Zwangssterilisierung

Im März 2016 empfahl der UN-Ausschuss für die Beseitigung der Diskriminierung der Frau (CEDAW-Ausschuss), eine Regelung für Entschädigungszahlungen an Roma-Frauen zu treffen, die zwangssterilisiert wurden, und ein unabhängiges Gremium mit der Untersuchung des gesamten Ausmaßes der Folgen der Zwangssterilisierung zu betrauen. Bis zum Jahresende hatte die Regierung jedoch noch keine Schritte in Richtung einer Umsetzung dieser Maßnahmen unternommen.

RASSISMUS

Erneut kam es zu Protesten gegen Migranten und Flüchtlinge. Im Februar 2016 nahmen in der Hauptstadt Prag Tausende von Menschen an einer Demonstration gegen Flüchtlinge teil. Im Anschluss kam es zu Angriffen auf das Büro der Flüchtlingshilfsorganisation Klinika. Dabei wurde eine Person verletzt. Im April 2016 waren Geschäfte und Sitze von Unternehmen, die sich an der Kampagne "Zonen ohne Hass" in Prag beteiligt hatten, Ziele von Angriffen und wurden mit Hassbotschaften und rechtsextremen Symbolen beschmiert. Im September wurde gegen fünf Personen Anklage wegen Sachbeschädigung und "Sympathiebekundungen für eine Bewegung zur Unterdrückung der Menschenrechte und Freiheiten" erhoben. Anschließend kam es in der Stadt zu einer Demonstration gegen Hass, an der mehrere Hundert Menschen teilnahmen. Staatspräsident Miloš Zeman stellte weiterhin Flüchtlinge und Asylsuchende als "Bedrohung" dar und bediente sich dabei einer gegen Migranten gerichteten Rhetorik. Ein Mann gab im August bei einem Sommerlager für Roma-Kinder in dem Dorf Jiřetín pod Jedlovou im Bezirk Děčín mehrere Schüsse in die Luft ab und stieß rassistische Beschimpfungen aus. Nach Angaben der Organisatoren des Ferienlagers schickte die örtliche Polizei daraufhin trotz wiederholter Bitte des Leiters des Ferienlagers um Hilfe keine Polizisten an den Tatort. Im September 2016 wies die Ermittlung einer regionalen Polizeistelle diese Vorwürfe zurück, kam aber zu dem Ergebnis, dass der Vorfall nicht umfassend untersucht worden sei.

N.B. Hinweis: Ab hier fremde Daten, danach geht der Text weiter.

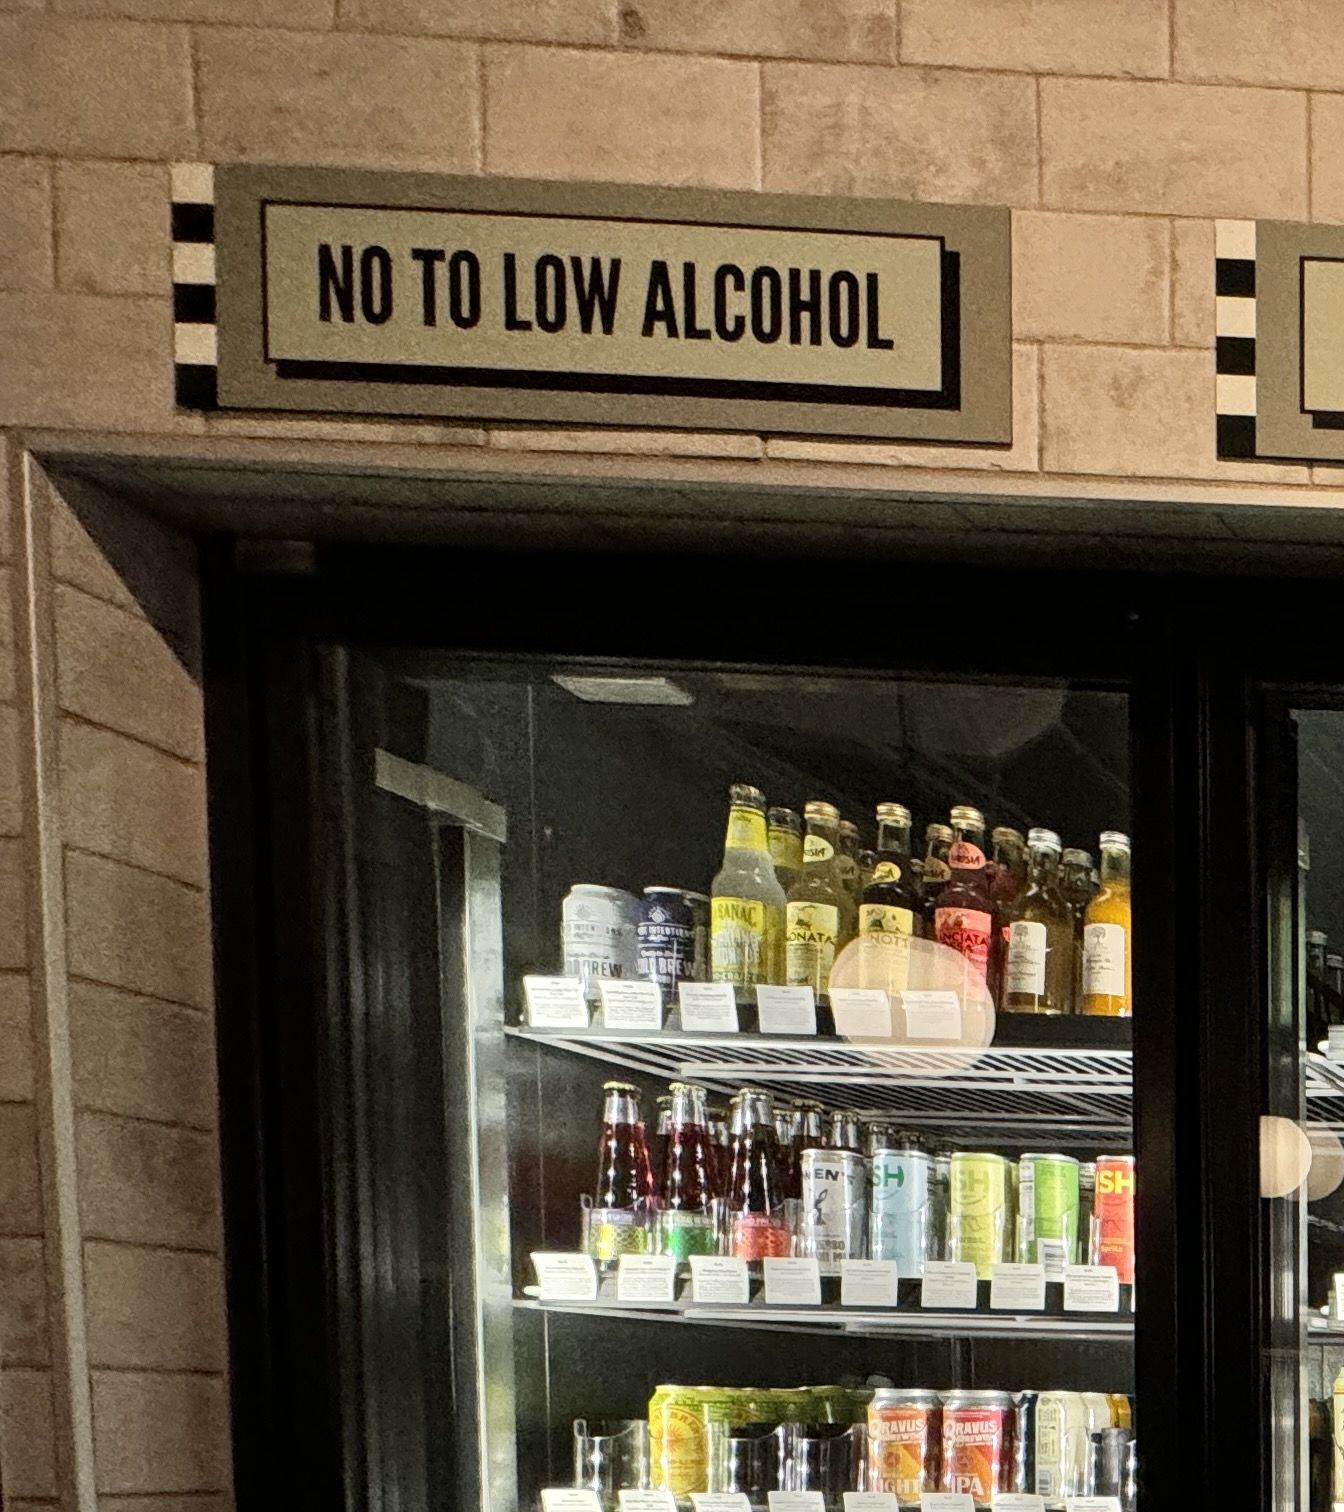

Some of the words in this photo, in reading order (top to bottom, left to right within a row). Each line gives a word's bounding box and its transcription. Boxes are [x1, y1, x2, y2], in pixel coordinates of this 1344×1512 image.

[317, 243, 394, 327] NO
[411, 247, 481, 329] TO
[503, 252, 621, 336] LOW
[640, 260, 894, 352] ALCOHOL
[950, 1476, 985, 1495] IPA

FLÜCHTLINGE UND ASYLSUCHENDE

Die Regierung willigte ein, mit der Neuansiedlung und der von der EU veranlassten Umverteilungsregelung fortzufahren, bestand jedoch auf vorab durchgeführten eingehenden Sicherheitsprüfungen. Zum Jahresende waren nur 52 Flüchtlinge neu angesiedelt worden und zwölf im Rahmen der Umverteilung aufgenommen worden. Die routinemäßige Inhaftierung von Asylsuchenden und Migranten wurde fortgesetzt.

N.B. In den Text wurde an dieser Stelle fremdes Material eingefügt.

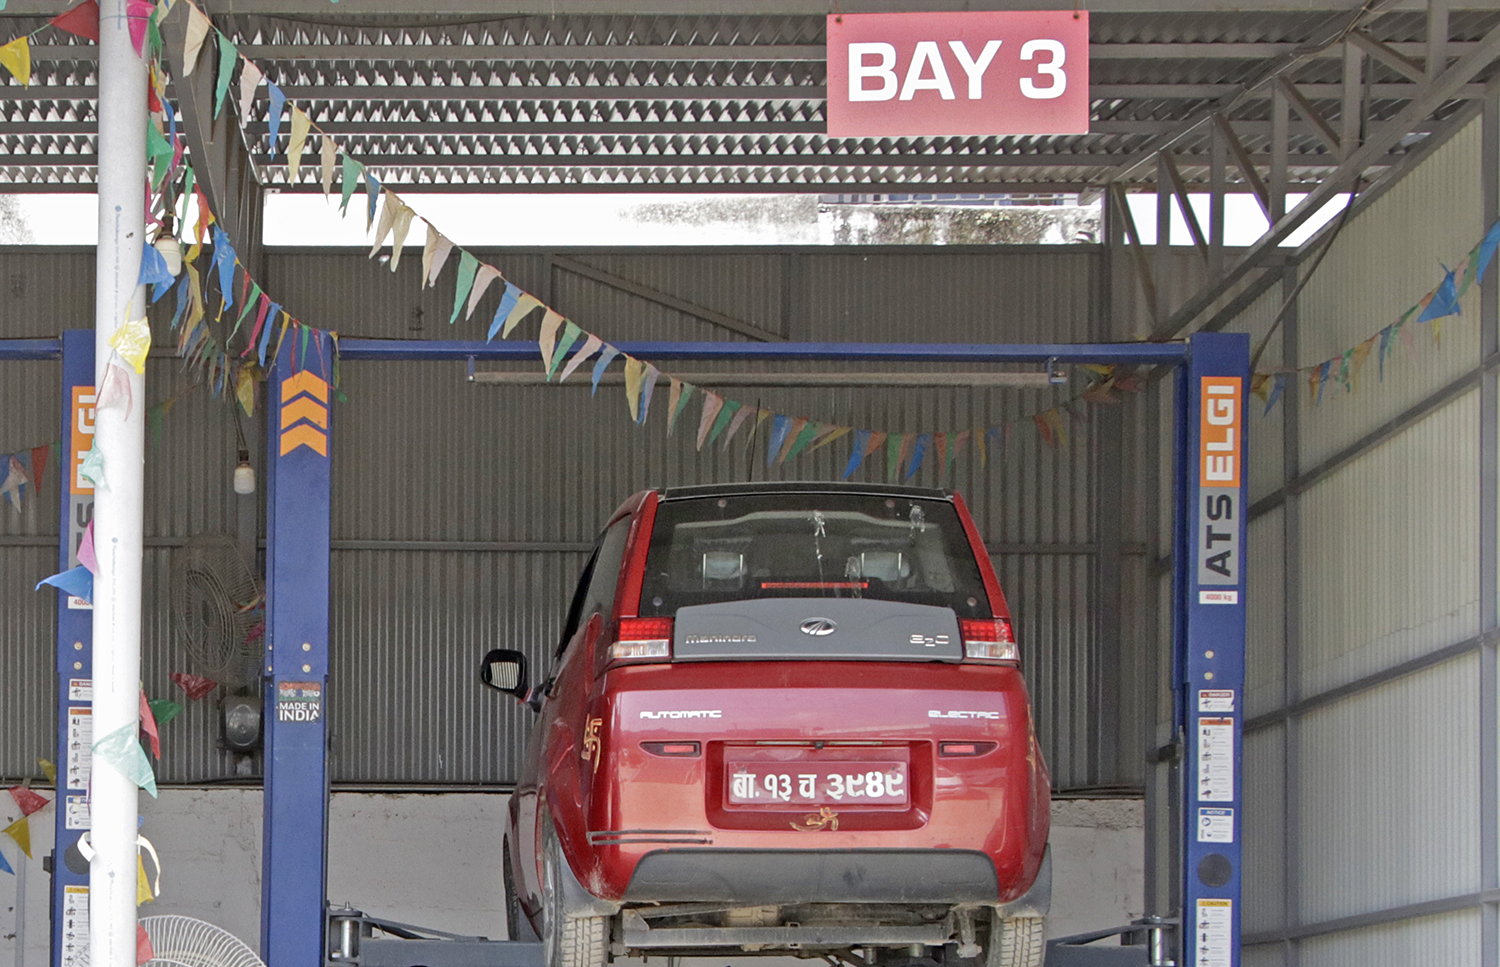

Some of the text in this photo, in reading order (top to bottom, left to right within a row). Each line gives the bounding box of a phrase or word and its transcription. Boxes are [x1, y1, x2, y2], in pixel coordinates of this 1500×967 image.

[848, 38, 1067, 102] BAY 3
[1204, 385, 1235, 578] ATS ELGI
[279, 702, 320, 711] MADE IN
[279, 710, 320, 721] INDIA
[639, 710, 723, 719] AUTOMATIC
[927, 710, 1000, 719] ELECTRIC
[764, 773, 793, 801] १३
[797, 774, 817, 799] च

RECHTE VON LESBEN, SCHWULEN, BISEXUELLEN, TRANSGESCHLECHTLICHEN UND INTERSEXUELLEN

Das Verfassungsgericht befand im Juni Paragraph 13 (2) des Gesetzes über eingetragene Partnerschaften für verfassungswidrig, dem zufolge es einer Person in einer gleichgeschlechtlichen eingetragenen Partnerschaft verboten ist, Kinder zu adoptieren und der alleinige Sorgerechtsinhaber für das Kind zu sein. Diese Bestimmung wurde anschließend aufgehoben. Weiterhin verboten bleiben jedoch gemeinsame Adoptionen eines LGBTI-Paares in einer gleichgeschlechtlichen eingetragenen Partnerschaft, bei dem beide Partner das volle Sorgerecht hätten.

FRAUENRECHTE

Tschechien unterzeichnete im Mai 2016 das Übereinkommen des Europarats zur Verhütung und Bekämpfung von Gewalt gegen Frauen und häuslicher Gewalt mit der Absicht, es bis Mitte 2018 zu ratifizieren. Im März 2016 wies der UN-Ausschuss für die Beseitigung der Diskriminierung der Frau auf die geringe Zahl der wegen geschlechtsspezifischer Diskriminierung eingereichten Klagen im Land hin und empfahl die Einrichtung einer kostenfreien Rechtshilfe für solche Verfahren. Der Ausschuss brachte außerdem seine Besorgnis über das anhaltende Lohngefälle zwischen Männern und Frauen in Höhe von etwa 21 % zum Ausdruck; dies ist der dritthöchste Wert in der EU.